What the task asks
Word for word, restate the records that come next, omitting the images.

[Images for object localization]
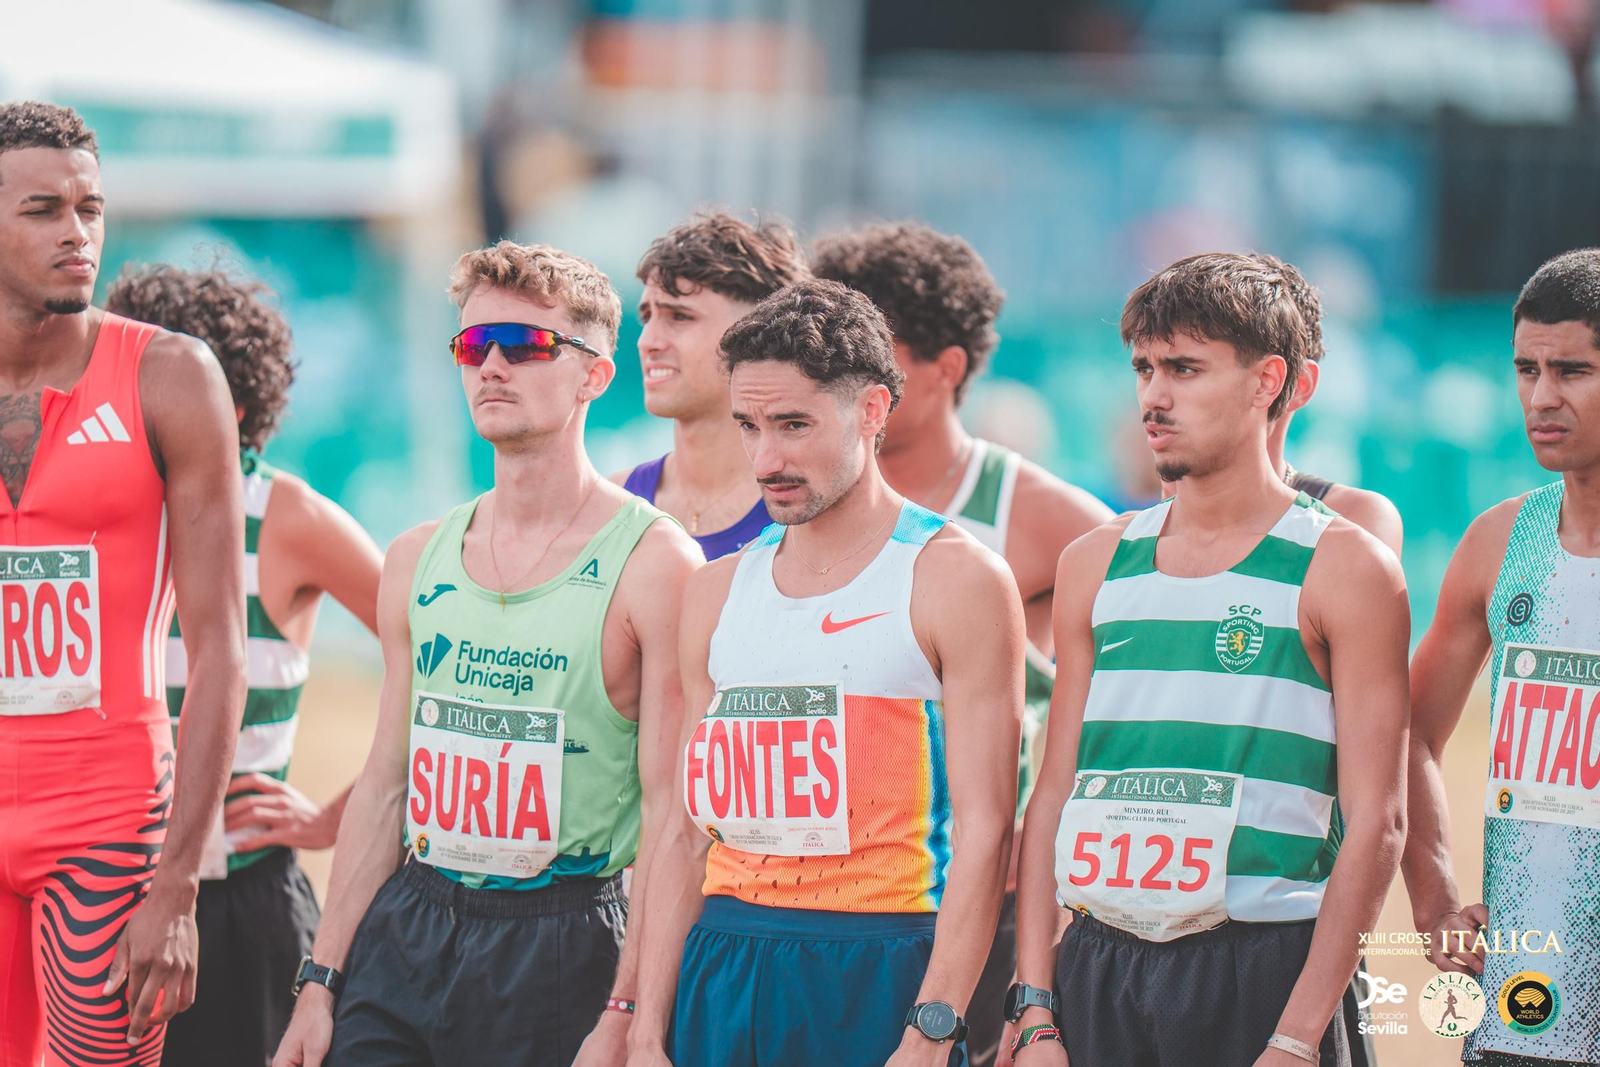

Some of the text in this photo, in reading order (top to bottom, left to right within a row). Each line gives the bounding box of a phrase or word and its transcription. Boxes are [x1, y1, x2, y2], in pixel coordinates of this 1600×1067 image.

[1228, 604, 1262, 616] SCP
[0, 581, 92, 678] ROS
[1222, 619, 1260, 635] SPORTING
[458, 640, 568, 672] Fundación
[1220, 653, 1253, 666] PORTUGAL
[455, 663, 534, 697] Unicaja
[725, 688, 791, 711] ITÁLICA
[447, 707, 511, 734] ITÁLICA
[688, 718, 839, 819] FONTES
[410, 742, 551, 841] SURÍA
[1112, 773, 1187, 797] ITÁLICA
[1124, 807, 1169, 816] MINEIRO, RUI
[1069, 832, 1213, 892] 5125
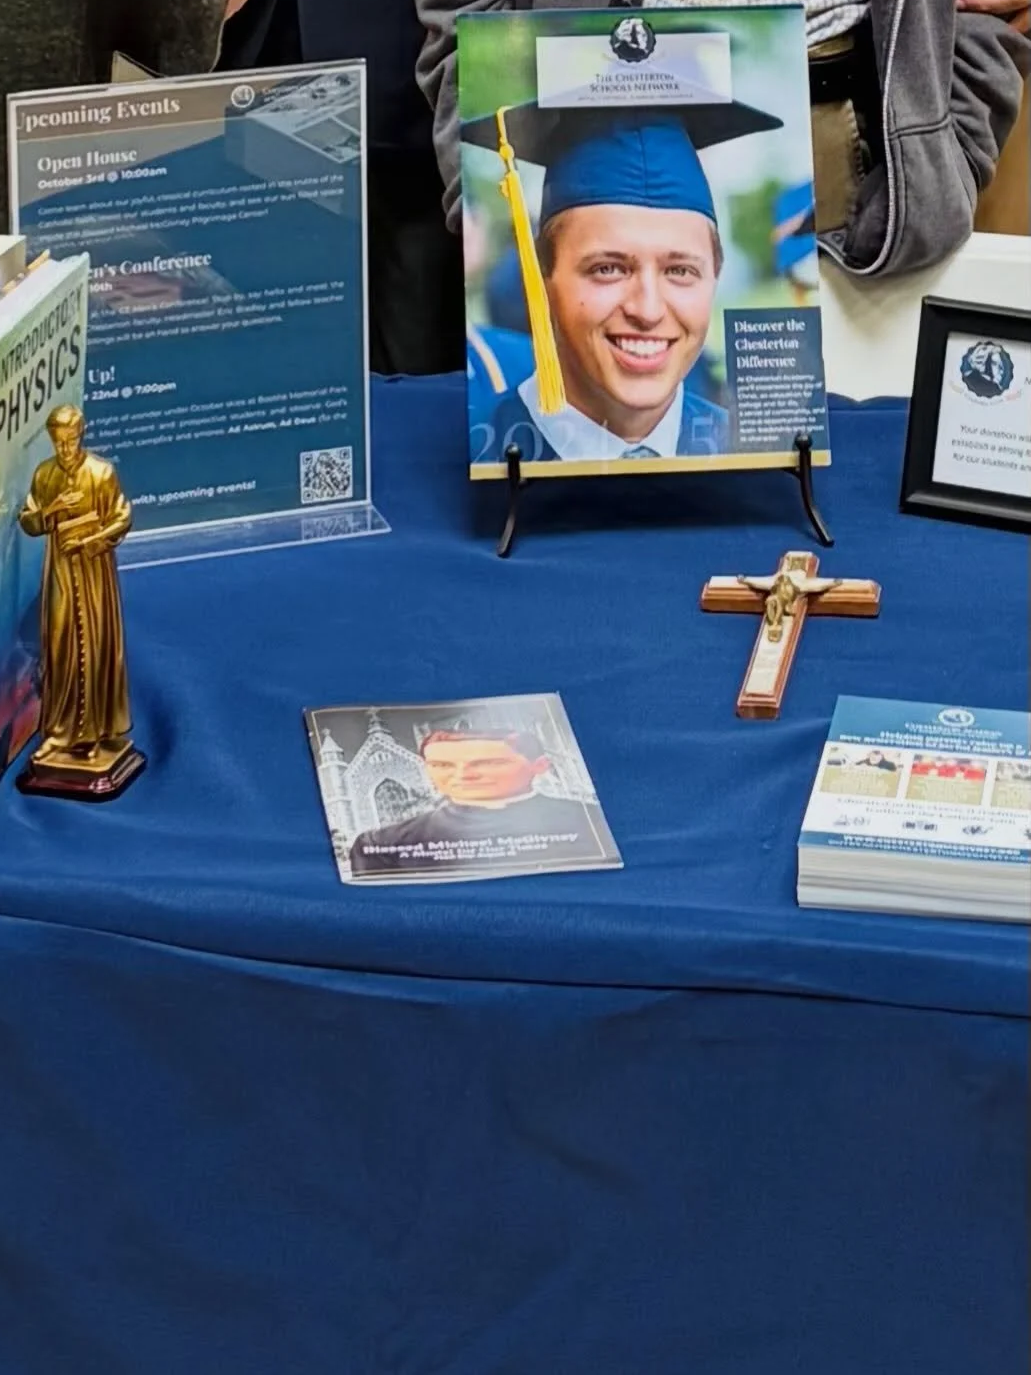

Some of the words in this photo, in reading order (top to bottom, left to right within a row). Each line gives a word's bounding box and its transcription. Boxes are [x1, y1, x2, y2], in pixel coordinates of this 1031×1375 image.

[117, 98, 181, 119] Events
[37, 156, 82, 173] Open
[86, 150, 137, 167] House
[38, 176, 83, 190] October
[86, 173, 104, 184] 3rd
[121, 167, 168, 180] 10:00am
[120, 254, 212, 275] Conference
[734, 321, 786, 333] Discover
[787, 319, 806, 332] the
[735, 338, 799, 351] Chesterton
[736, 355, 797, 369] Difference
[88, 366, 115, 385] Up!
[91, 388, 119, 401] 22nd
[134, 382, 177, 394] 7:00pm
[960, 424, 978, 435] Your
[158, 487, 215, 503] upcoming
[216, 480, 256, 494] events!
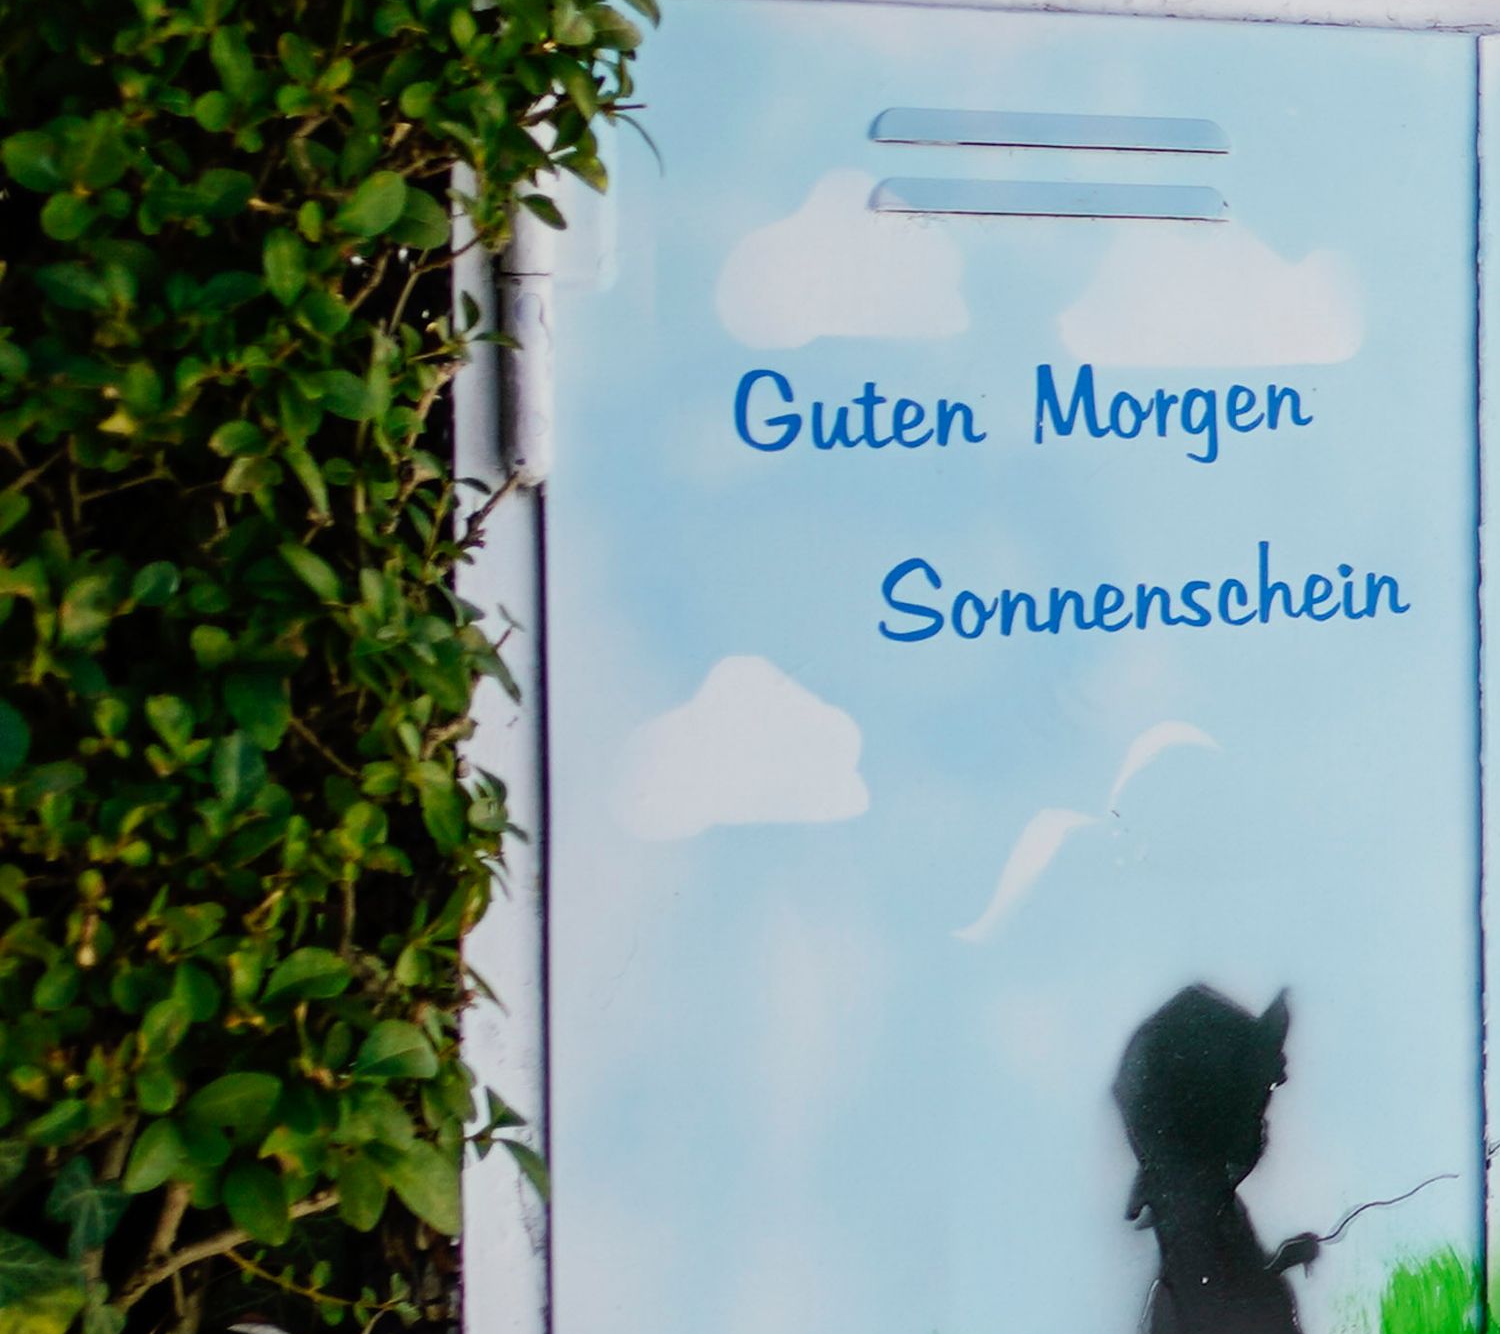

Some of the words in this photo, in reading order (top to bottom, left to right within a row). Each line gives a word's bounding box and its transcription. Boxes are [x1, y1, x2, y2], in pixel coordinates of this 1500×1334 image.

Task response
Some of the text in this photo, in reading order (top to bottom, left to right within a row). Each line gives the bounding box of a phrase or word and its transcription. Boxes are [x1, y1, x2, y2], in pixel coordinates of this 1600×1067 image.

[1228, 604, 1262, 616] SCP
[0, 581, 92, 678] ROS
[1222, 619, 1260, 635] SPORTING
[458, 640, 568, 672] Fundación
[1220, 653, 1253, 666] PORTUGAL
[455, 663, 534, 697] Unicaja
[725, 688, 791, 711] ITÁLICA
[447, 707, 511, 734] ITÁLICA
[688, 718, 839, 819] FONTES
[410, 742, 551, 841] SURÍA
[1112, 773, 1187, 797] ITÁLICA
[1124, 807, 1169, 816] MINEIRO, RUI
[1069, 832, 1213, 892] 5125

Some of the words in this photo, in reading order (top to bottom, left to right within a row). Each line gives a word's bounding box and its transcription. Boxes are [x1, y1, x2, y2], in pixel coordinates of this 1031×1375 image.

[117, 98, 181, 119] Events
[37, 156, 82, 173] Open
[86, 150, 137, 167] House
[38, 176, 83, 190] October
[86, 173, 104, 184] 3rd
[121, 167, 168, 180] 10:00am
[120, 254, 212, 275] Conference
[734, 321, 786, 333] Discover
[787, 319, 806, 332] the
[735, 338, 799, 351] Chesterton
[736, 355, 797, 369] Difference
[88, 366, 115, 385] Up!
[91, 388, 119, 401] 22nd
[134, 382, 177, 394] 7:00pm
[960, 424, 978, 435] Your
[158, 487, 215, 503] upcoming
[216, 480, 256, 494] events!

Some of the words in this photo, in reading order (top to bottom, left to right within a row). Each line gives a word's bounding box and its transcription. Boxes are [x1, y1, x2, y2], in pixel coordinates of this 1500×1334 image.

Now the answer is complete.